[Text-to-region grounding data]

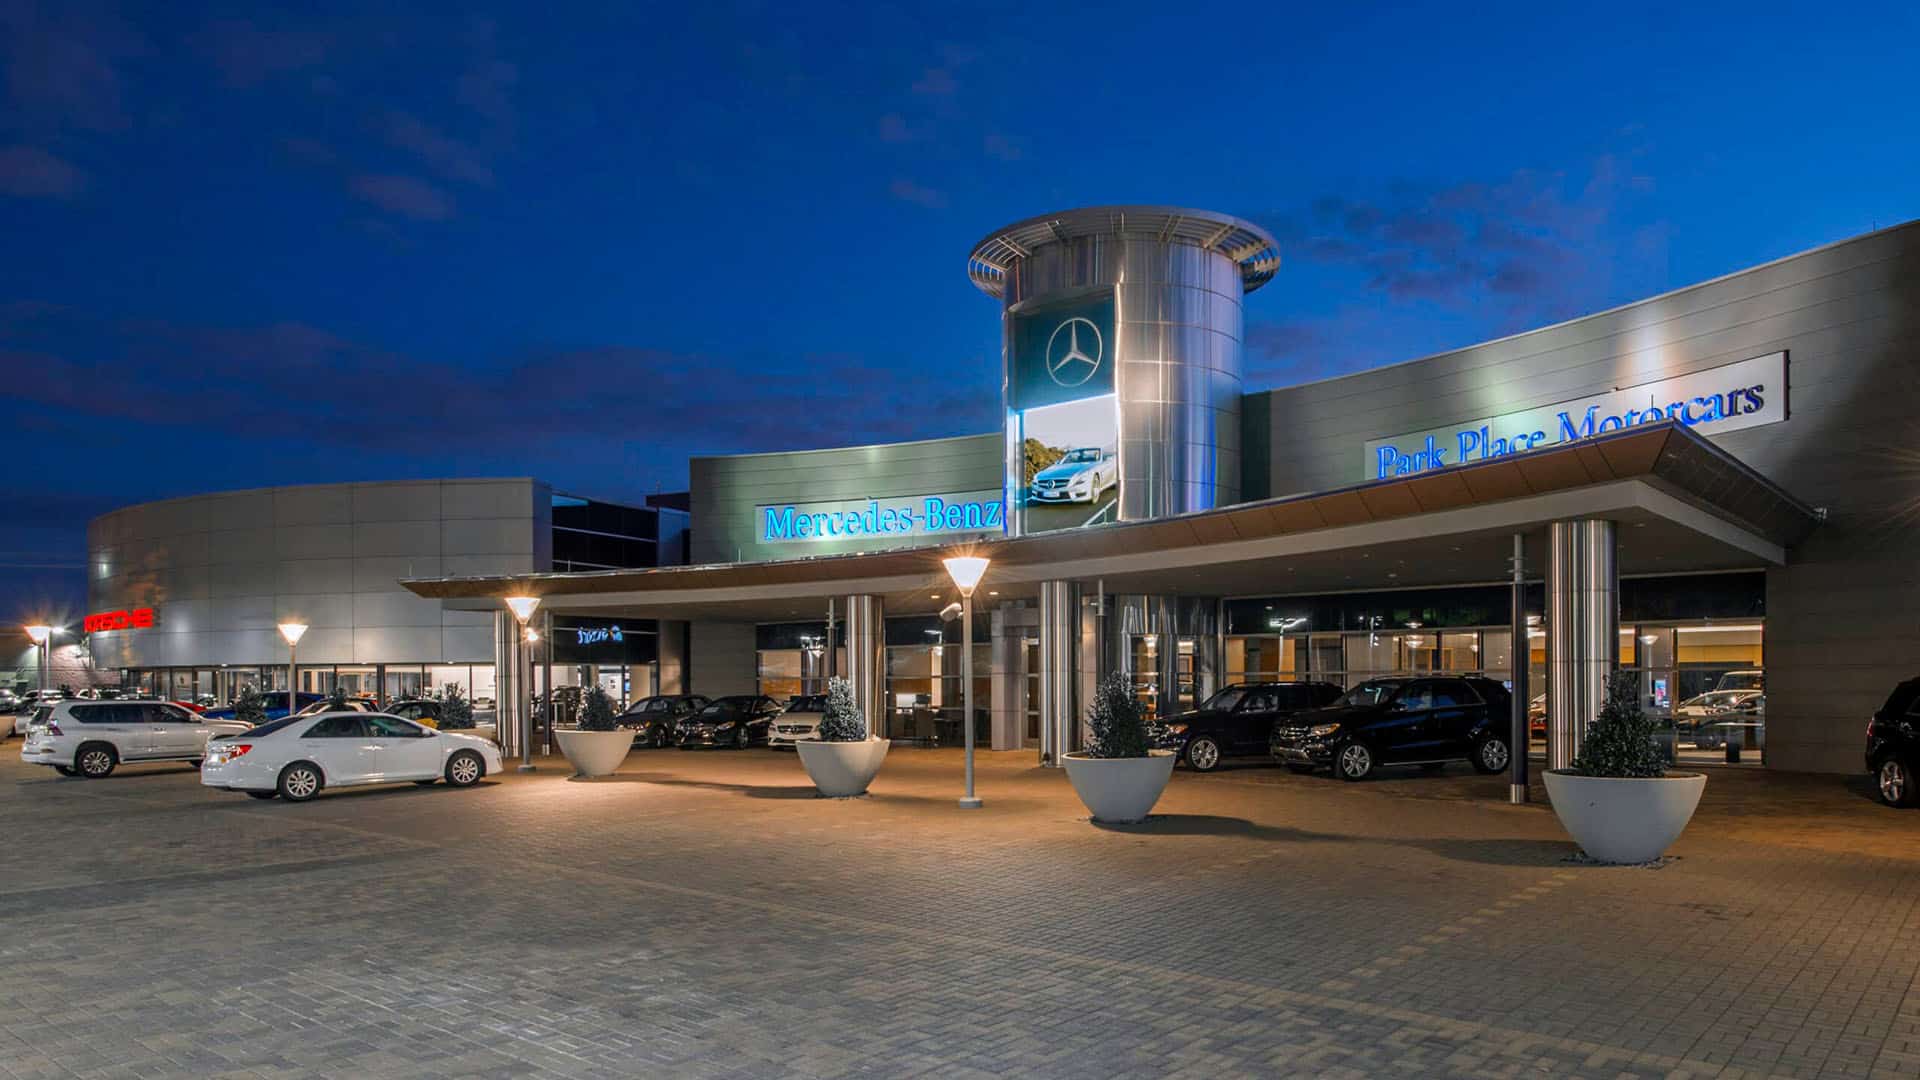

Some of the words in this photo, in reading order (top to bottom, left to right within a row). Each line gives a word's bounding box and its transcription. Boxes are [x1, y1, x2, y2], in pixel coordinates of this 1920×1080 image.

[1376, 435, 1448, 481] Park
[1456, 425, 1546, 464] Place
[1556, 383, 1765, 442] Motorcars
[764, 497, 1002, 541] Mercedes-Benz

Directions for this task :: Your answer must be an exact copy of the records, without the pictures.

Task response ::
Some of the words in this photo, in reading order (top to bottom, left to right within a row). Each line gives a word's bounding box and its transcription. Boxes are [x1, y1, x2, y2], in pixel coordinates of this 1920×1080 image.

[1376, 435, 1448, 481] Park
[1456, 425, 1546, 464] Place
[1556, 383, 1765, 442] Motorcars
[764, 497, 1002, 541] Mercedes-Benz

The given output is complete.